Thirteen years on from A Brief History of Time, Hawking has to admit, in The Universe in a Nutshell, that the goal of a theory of everything is no closer to being achieved. In fact, the structure of the new book is itself illustration of the failure of the grand project. For instead of a single unified account which gradually unfolds throughout the book, we have a series of piecemeal glimpses at aspects of contemporary physics. No doubt this structure was selected partly because of the demands of popular science, to make the book both different and accessible. But there is a deeper reason too. The attempt to describe contemporary physics as a single story makes the gaps and weaknesses more apparent. Piecemeal glimpses allow failures of the closure to be covered up and questions to be left unanswered. Moreover, there are signs that Hawking himself is beginning to become aware of the limitations of his own account. He now describes himself as a positivist, in the sense that we can only have evidence for choosing one model over another, rather than evidence for the model being reality. If Hawking took a further step and recognised that different models are not simply different accounts of the same reality but provide themselves different realities, he would have come closer to understanding the nature of the human predicament and the nature of the scientific closure that he is himself propounding.

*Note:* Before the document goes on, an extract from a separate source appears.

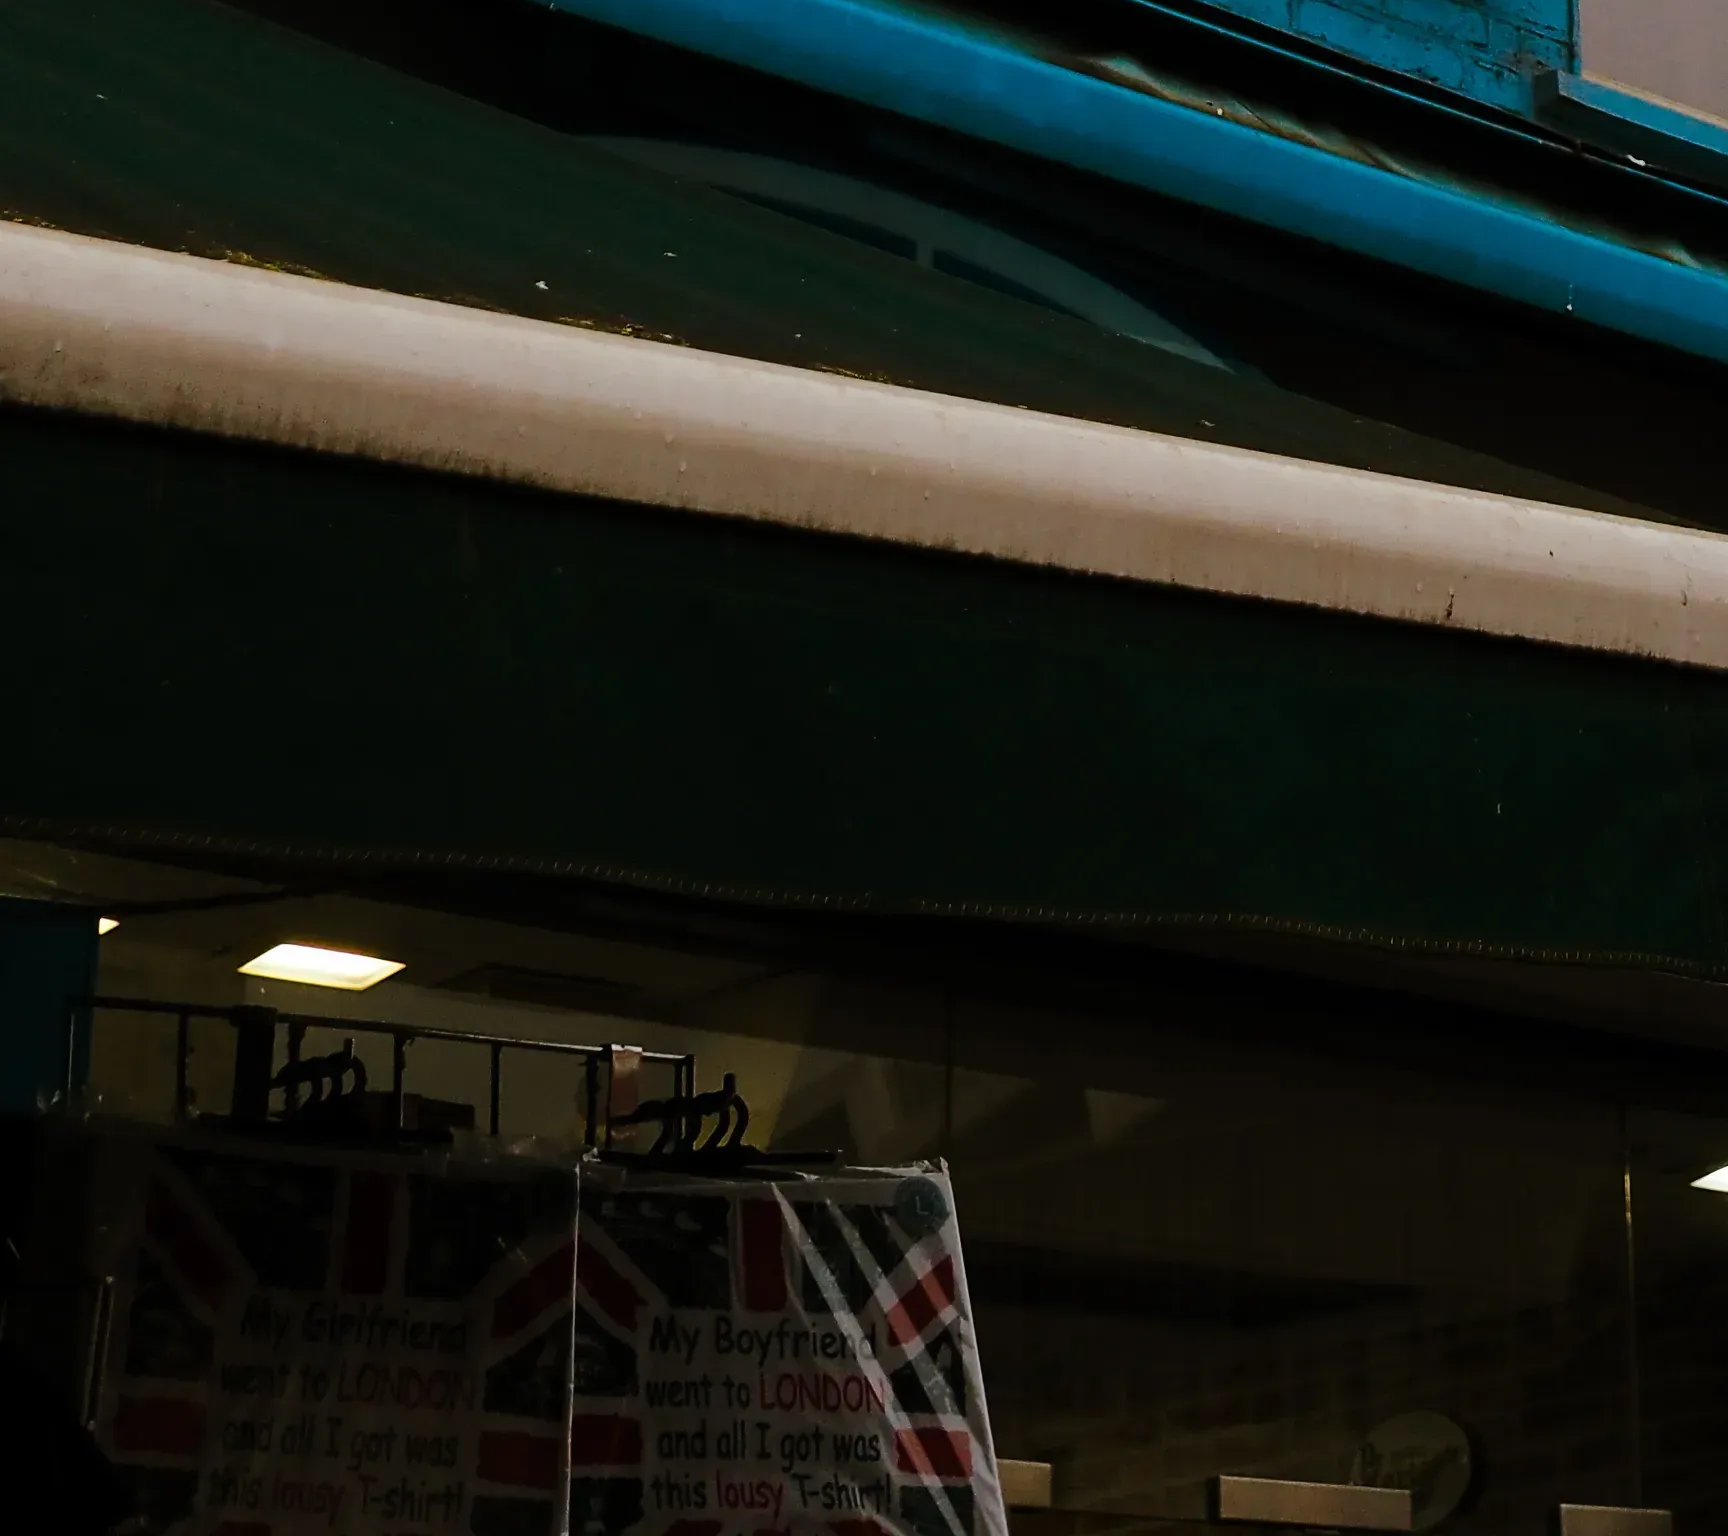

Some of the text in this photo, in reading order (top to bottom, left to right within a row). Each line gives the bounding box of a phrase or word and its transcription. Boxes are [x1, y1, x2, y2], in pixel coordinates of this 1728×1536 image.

If we are to make progress in understanding the nature of ourselves and the world we need a theory of closure. Without such a theory we are at risk of mistaking the mechanisms of closure for the mechanisms of reality. Such a theory will need to provide a detailed explanation of how it is that even though closure has nothing in common with openness it is still capable of enabling precise and effective intervention. It will also have to address the question of how it is that a theory of closure is itself possible.
A century ago Lord Kelvin declared, "there is nothing new to be discovered in physics now. All that remains is more and more measurement." Those like Stephen Hawking today who suppose that we are on the verge of finding the ultimate theory will be similarly embarrassed. If instead science gave up its metaphysical pretentions and stopped supposing that it was uncovering the essential character of the world, it would be stronger not weaker. It would be in a better position to entertain new theories, and new closures, which might enable more effective intervention in what we take to be reality. Just as science demonstrated the limitations of the closures of the church, so now we must come to terms with the limitations of the closures of science. We must see them for what they are: ways of holding the openness that is the world.